▸ **Work task**
Verbatim copy without pictures. Please print every entry as it stands.

▸ **Records supplied**
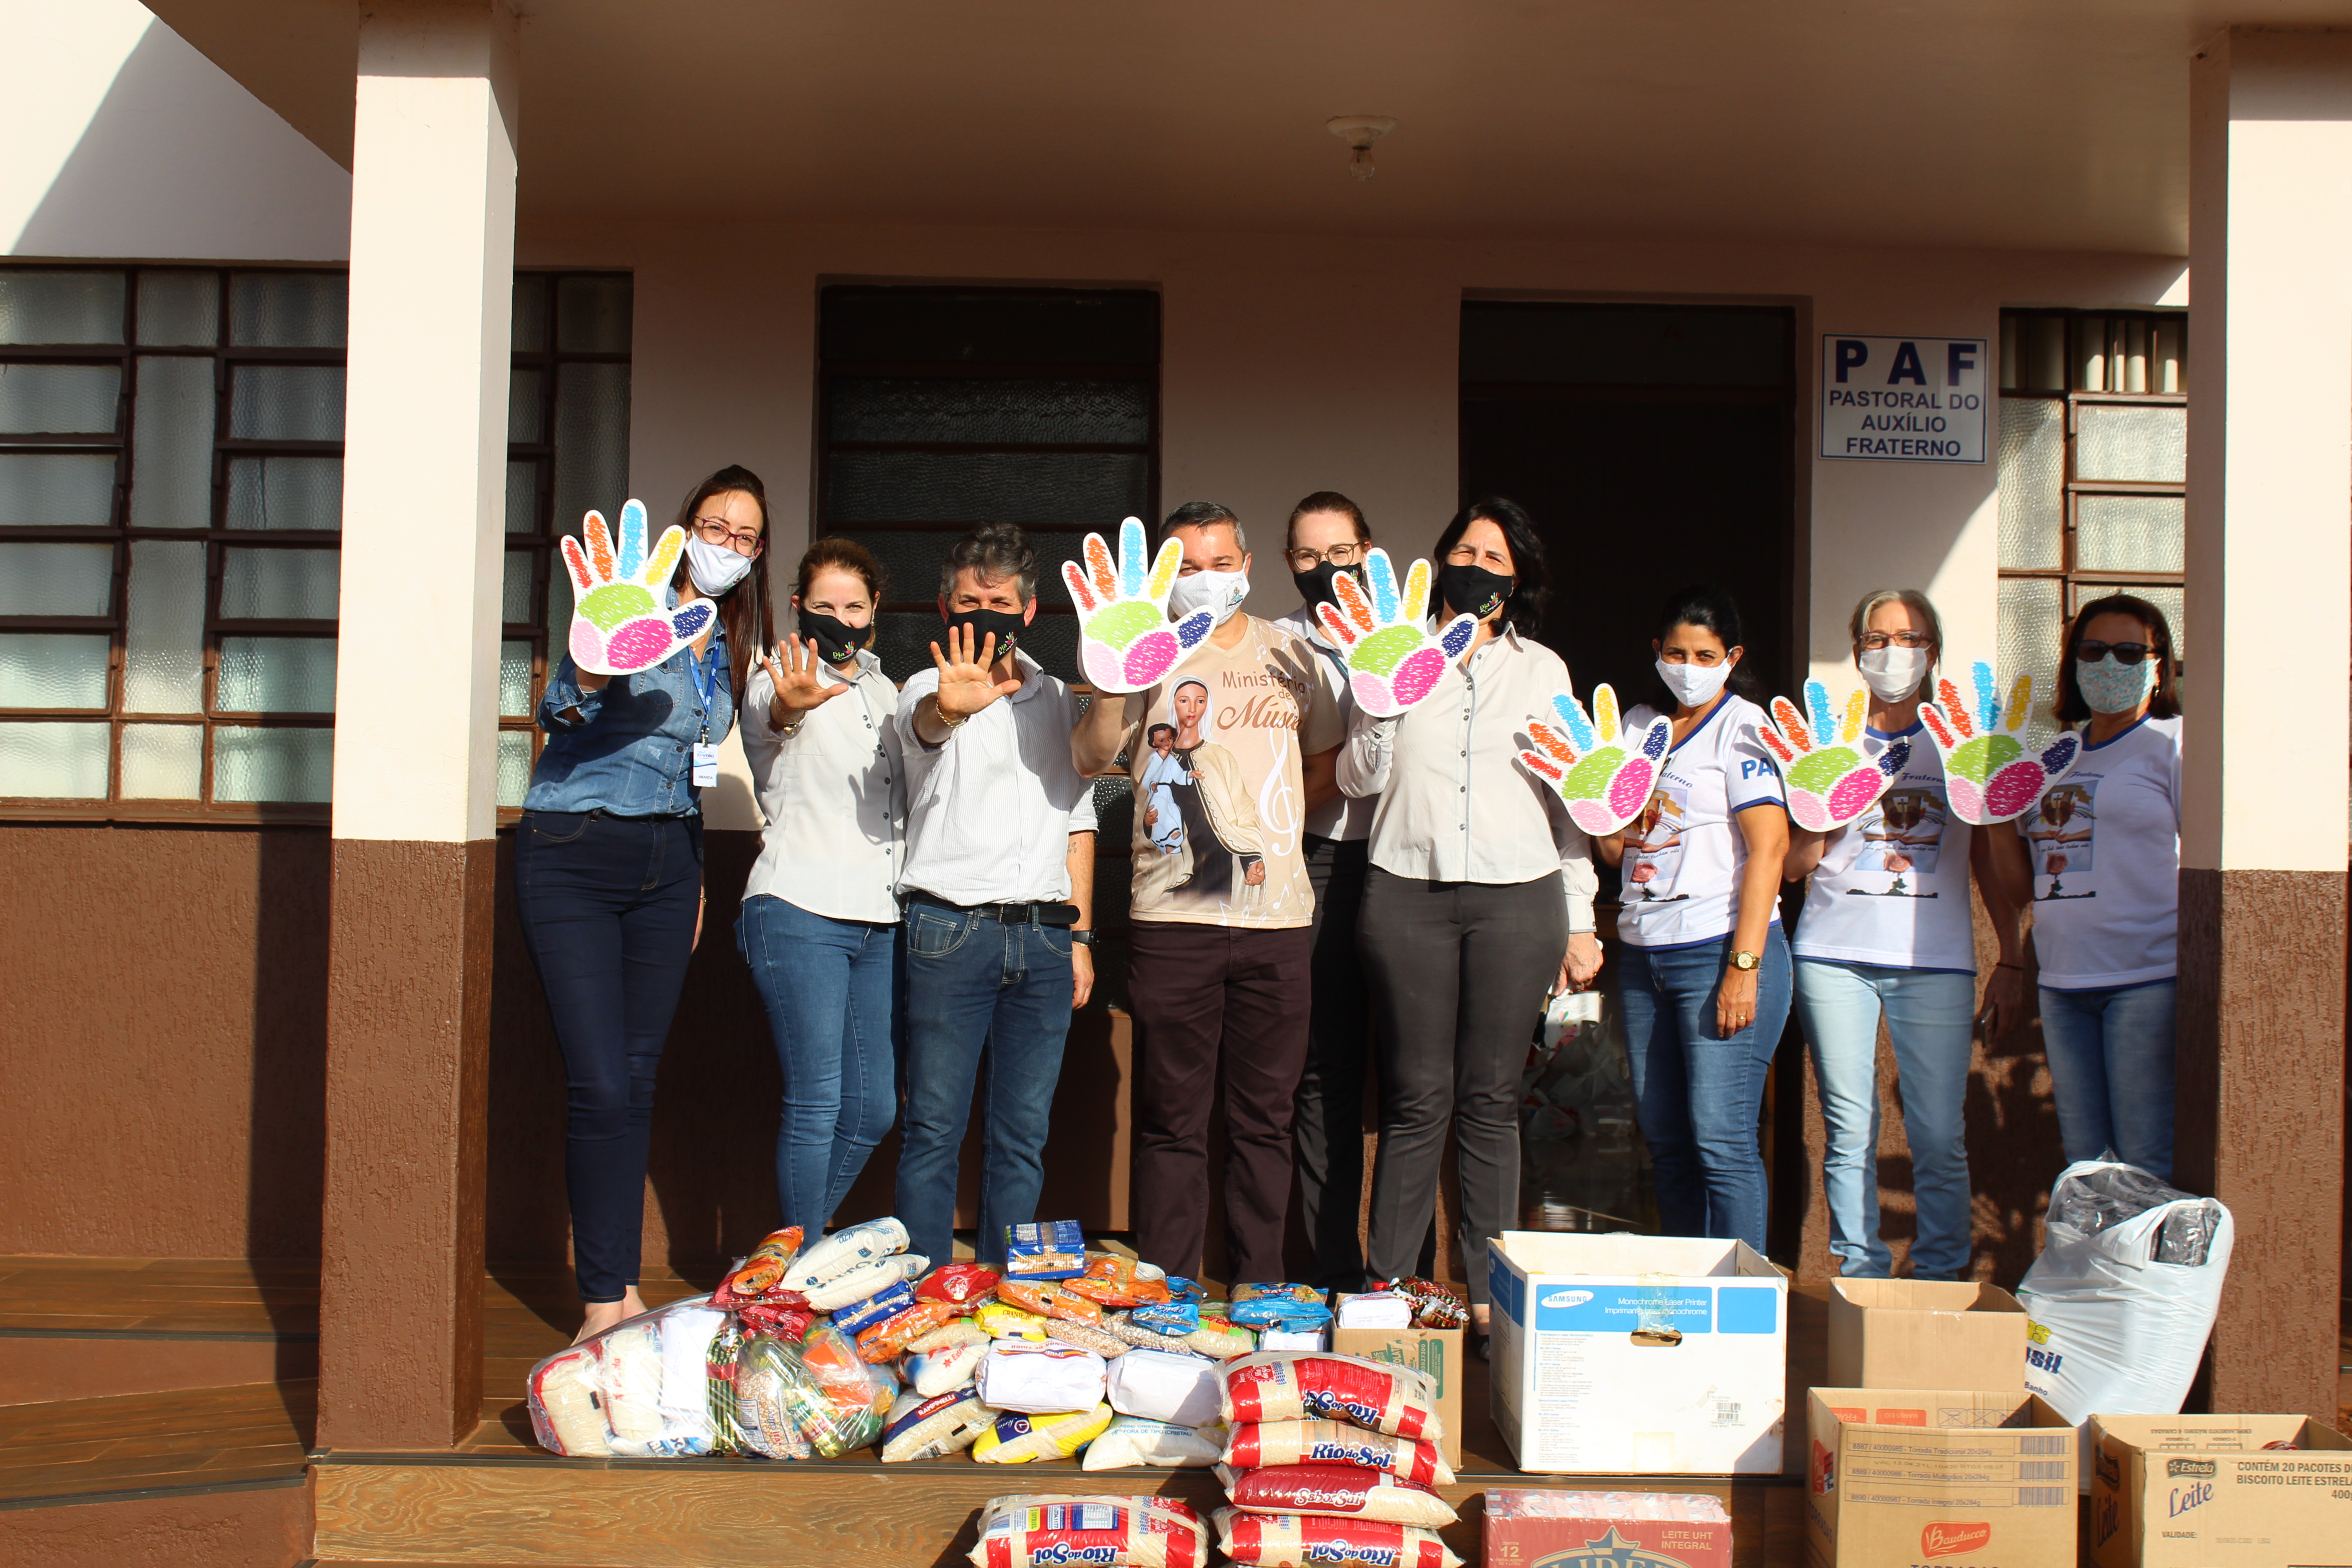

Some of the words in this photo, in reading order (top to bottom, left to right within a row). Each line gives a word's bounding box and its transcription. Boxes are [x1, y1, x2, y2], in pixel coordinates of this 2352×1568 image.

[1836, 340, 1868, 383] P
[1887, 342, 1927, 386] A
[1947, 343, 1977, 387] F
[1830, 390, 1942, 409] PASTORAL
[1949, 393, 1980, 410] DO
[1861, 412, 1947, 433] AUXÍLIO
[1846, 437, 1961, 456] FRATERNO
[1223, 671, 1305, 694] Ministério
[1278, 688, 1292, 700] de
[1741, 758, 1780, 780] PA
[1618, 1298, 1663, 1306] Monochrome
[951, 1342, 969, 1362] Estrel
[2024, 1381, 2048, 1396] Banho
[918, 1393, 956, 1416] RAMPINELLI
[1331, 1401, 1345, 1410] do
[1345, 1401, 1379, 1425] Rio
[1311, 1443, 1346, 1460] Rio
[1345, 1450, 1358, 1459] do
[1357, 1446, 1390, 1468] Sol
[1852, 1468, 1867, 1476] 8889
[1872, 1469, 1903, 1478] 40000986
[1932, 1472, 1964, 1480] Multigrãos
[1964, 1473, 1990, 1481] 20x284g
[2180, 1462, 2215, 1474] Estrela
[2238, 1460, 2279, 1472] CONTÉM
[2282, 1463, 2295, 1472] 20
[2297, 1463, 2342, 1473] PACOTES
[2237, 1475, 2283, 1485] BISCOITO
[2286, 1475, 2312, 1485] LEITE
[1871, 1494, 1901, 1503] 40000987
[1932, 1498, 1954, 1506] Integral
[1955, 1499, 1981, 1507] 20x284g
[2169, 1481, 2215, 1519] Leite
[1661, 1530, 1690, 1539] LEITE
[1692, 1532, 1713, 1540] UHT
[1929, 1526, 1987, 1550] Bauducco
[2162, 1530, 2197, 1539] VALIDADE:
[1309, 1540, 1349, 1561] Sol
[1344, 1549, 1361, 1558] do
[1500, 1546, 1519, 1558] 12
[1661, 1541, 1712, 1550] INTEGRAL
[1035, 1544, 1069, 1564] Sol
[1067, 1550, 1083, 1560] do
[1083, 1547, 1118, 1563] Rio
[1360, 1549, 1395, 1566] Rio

▸ **Response**
Some of the words in this photo, in reading order (top to bottom, left to right within a row). Each line gives a word's bounding box and its transcription. Boxes are [x1, y1, x2, y2], in pixel coordinates of this 2352×1568 image.

[1836, 340, 1868, 383] P
[1887, 342, 1927, 386] A
[1947, 343, 1977, 387] F
[1830, 390, 1942, 409] PASTORAL
[1949, 393, 1980, 410] DO
[1861, 412, 1947, 433] AUXÍLIO
[1846, 437, 1961, 456] FRATERNO
[1223, 671, 1305, 694] Ministério
[1278, 688, 1292, 700] de
[1741, 758, 1780, 780] PA
[1618, 1298, 1663, 1306] Monochrome
[951, 1342, 969, 1362] Estrel
[2024, 1381, 2048, 1396] Banho
[918, 1393, 956, 1416] RAMPINELLI
[1331, 1401, 1345, 1410] do
[1345, 1401, 1379, 1425] Rio
[1311, 1443, 1346, 1460] Rio
[1345, 1450, 1358, 1459] do
[1357, 1446, 1390, 1468] Sol
[1852, 1468, 1867, 1476] 8889
[1872, 1469, 1903, 1478] 40000986
[1932, 1472, 1964, 1480] Multigrãos
[1964, 1473, 1990, 1481] 20x284g
[2180, 1462, 2215, 1474] Estrela
[2238, 1460, 2279, 1472] CONTÉM
[2282, 1463, 2295, 1472] 20
[2297, 1463, 2342, 1473] PACOTES
[2237, 1475, 2283, 1485] BISCOITO
[2286, 1475, 2312, 1485] LEITE
[1871, 1494, 1901, 1503] 40000987
[1932, 1498, 1954, 1506] Integral
[1955, 1499, 1981, 1507] 20x284g
[2169, 1481, 2215, 1519] Leite
[1661, 1530, 1690, 1539] LEITE
[1692, 1532, 1713, 1540] UHT
[1929, 1526, 1987, 1550] Bauducco
[2162, 1530, 2197, 1539] VALIDADE:
[1309, 1540, 1349, 1561] Sol
[1344, 1549, 1361, 1558] do
[1500, 1546, 1519, 1558] 12
[1661, 1541, 1712, 1550] INTEGRAL
[1035, 1544, 1069, 1564] Sol
[1067, 1550, 1083, 1560] do
[1083, 1547, 1118, 1563] Rio
[1360, 1549, 1395, 1566] Rio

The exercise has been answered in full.